A new variant of the Gugi mobile banking Trojan can bypass two of the security features that Google has included in Android 6.0, Kaspersky security researchers say.
Detected as Trojan-Banker.AndroidOS.Gugi.c, the threat includes mechanisms that allow it to bypass both the permission-based app overlays in Android 6 and the dynamic permission requirement for dangerous in-app activities such as SMS or calls. What is most interesting about the malware, however, is that it doesn’t leverage vulnerabilities to perform the bypass, but employs social engineering instead.
The Gugi Trojan is being distributed mainly through SMS spam that tricks users into accessing phishing webpages by telling them they received a MMS-photo accessible via an included link. However, as soon as the user clicks on the link, the malware is downloaded onto the device instead, and the victim is infected.
To perform its nefarious activity on the infected device, the Trojan needs to overlay banking apps and the Google Play Store app with its own phishing windows, which allow it to steal user credentials and credit card details. However, Android 6 requires for applications to request permission to overlay their windows over other apps, and Gugi has found a way to receive this permission by forcing users to grant it.
First, the user is presented with a warning window: “Additional rights needed to work with graphics and windows” that has a single button: “Provide.” When clicking on this button, the victim is presented with a dialog box that authorizes the app overlay (“drawing over other apps”).
As soon as the Trojan receives the permission, it blocks the device by displaying its own window on top of all other windows and dialogues. The window includes a single “Activate” button, providing users with no other option but to enable other dangerous permissions for the malware, Kaspersky’s Roman Unuchek explains.

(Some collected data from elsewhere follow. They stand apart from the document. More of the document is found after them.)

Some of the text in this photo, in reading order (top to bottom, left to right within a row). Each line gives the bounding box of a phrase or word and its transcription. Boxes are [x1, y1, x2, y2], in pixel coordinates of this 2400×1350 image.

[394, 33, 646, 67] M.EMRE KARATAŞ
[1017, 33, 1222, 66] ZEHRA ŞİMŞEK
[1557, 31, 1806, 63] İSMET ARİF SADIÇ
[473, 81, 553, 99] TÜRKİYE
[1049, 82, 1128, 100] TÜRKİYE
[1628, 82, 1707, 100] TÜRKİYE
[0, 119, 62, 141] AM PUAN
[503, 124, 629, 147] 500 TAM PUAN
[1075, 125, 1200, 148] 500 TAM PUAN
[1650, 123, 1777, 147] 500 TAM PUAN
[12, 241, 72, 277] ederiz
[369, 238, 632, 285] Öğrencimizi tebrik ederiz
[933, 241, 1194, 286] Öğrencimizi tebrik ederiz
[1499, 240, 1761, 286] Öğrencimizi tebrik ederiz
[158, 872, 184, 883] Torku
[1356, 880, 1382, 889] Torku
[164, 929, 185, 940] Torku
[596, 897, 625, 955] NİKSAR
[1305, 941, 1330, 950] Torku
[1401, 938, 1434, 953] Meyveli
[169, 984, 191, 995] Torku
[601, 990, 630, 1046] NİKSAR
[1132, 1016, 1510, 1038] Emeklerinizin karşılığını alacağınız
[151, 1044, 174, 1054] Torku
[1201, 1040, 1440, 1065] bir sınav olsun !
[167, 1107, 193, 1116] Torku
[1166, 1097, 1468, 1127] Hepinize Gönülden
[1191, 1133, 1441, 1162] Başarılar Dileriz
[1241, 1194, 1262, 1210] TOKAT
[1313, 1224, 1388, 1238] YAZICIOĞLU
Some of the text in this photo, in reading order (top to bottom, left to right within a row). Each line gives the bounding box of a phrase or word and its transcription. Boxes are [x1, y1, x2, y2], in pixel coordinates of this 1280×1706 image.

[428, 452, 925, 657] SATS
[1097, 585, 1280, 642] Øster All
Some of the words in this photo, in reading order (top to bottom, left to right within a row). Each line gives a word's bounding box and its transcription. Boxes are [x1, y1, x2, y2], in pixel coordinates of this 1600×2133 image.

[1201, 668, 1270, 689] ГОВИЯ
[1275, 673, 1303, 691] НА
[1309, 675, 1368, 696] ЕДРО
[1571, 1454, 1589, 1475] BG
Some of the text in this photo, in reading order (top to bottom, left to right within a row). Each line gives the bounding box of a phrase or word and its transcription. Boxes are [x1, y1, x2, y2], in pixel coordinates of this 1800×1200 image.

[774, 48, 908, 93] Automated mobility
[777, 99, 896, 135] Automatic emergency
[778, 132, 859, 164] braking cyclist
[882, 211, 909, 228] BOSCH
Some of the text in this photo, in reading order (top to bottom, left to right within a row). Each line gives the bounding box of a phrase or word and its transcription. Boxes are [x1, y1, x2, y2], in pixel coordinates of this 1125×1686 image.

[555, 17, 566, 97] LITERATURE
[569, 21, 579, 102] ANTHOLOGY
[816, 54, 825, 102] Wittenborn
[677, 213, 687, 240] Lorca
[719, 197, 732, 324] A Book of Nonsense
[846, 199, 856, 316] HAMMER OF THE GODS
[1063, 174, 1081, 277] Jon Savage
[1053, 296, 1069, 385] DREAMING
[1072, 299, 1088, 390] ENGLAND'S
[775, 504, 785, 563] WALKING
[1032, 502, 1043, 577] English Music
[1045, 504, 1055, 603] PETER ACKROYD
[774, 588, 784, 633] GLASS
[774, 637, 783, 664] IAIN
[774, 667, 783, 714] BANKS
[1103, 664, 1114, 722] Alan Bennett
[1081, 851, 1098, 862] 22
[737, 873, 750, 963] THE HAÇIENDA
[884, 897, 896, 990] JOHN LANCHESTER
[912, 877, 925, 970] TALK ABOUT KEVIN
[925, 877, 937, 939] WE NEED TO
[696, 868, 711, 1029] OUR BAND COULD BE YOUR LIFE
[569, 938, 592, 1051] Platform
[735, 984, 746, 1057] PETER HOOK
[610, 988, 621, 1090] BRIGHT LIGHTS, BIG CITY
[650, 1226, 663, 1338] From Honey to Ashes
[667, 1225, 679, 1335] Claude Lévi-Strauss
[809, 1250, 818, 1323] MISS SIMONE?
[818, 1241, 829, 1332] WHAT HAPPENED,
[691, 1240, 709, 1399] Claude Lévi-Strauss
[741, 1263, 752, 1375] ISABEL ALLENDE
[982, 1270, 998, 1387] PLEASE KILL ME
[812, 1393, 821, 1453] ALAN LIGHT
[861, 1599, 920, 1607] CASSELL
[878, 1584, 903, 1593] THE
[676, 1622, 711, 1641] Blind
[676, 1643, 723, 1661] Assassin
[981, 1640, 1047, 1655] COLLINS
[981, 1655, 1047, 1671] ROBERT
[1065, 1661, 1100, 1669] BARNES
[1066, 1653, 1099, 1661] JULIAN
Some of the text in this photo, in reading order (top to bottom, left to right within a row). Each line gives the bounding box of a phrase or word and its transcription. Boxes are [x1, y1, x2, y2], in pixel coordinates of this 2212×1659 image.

“Once the user presses this button they will receive a continuous series of requests for all the rights the Trojan is looking for. They won’t get back to the main menu until they have agreed to everything. For example, following the first click of the button, the Trojan will ask for Device Administrator rights. It needs this for self-defense because it makes it much harder for the user to uninstall the app,” the researcher continues.
After receiving device admin rights, Gugi asks permissions to send and view SMS messages and to make calls. The Trojan has to ask for these permissions the first time it attempts to perform a dangerous operation on the compromised device running Android 6, something that it didn’t have to do on previous operating system versions, where all permissions were granted at installation.
The malware asks for each permission until the user agrees and, if it doesn’t receive all of the permissions it is looking for, it completely blocks the infected device. According to Kaspersky’s researcher, the only manner in which the user can use the device is to reboot it in safe mode and try to uninstall the Trojan.
Once it has bypassed Android 6’s defense mechanisms, the malware behaves like other mobile banking Trojan does: it overlays applications to steal credentials from people using mobile banking. Other functionality worth mentioning includes the use of the Websocket protocol, and the malware’s ability to steal SMS and contacts, to makes USSD requests, and to send SMS by command from the command and control server.
The Gugi family of Android malware first emerged in December 2015, while the new variant was observed in June 2016. At the moment, the malware is mainly focused on infecting users in Russia (more than 93% of attacked users live in this country), but researchers say that it is trending up at the moment, as the number of infections increased ten-fold from April to August.
According to a recently released report from Nokia, Smartphone malware infections increased by 96% over the year to April 2016, with smartphones accounting for 78% of all mobile infections.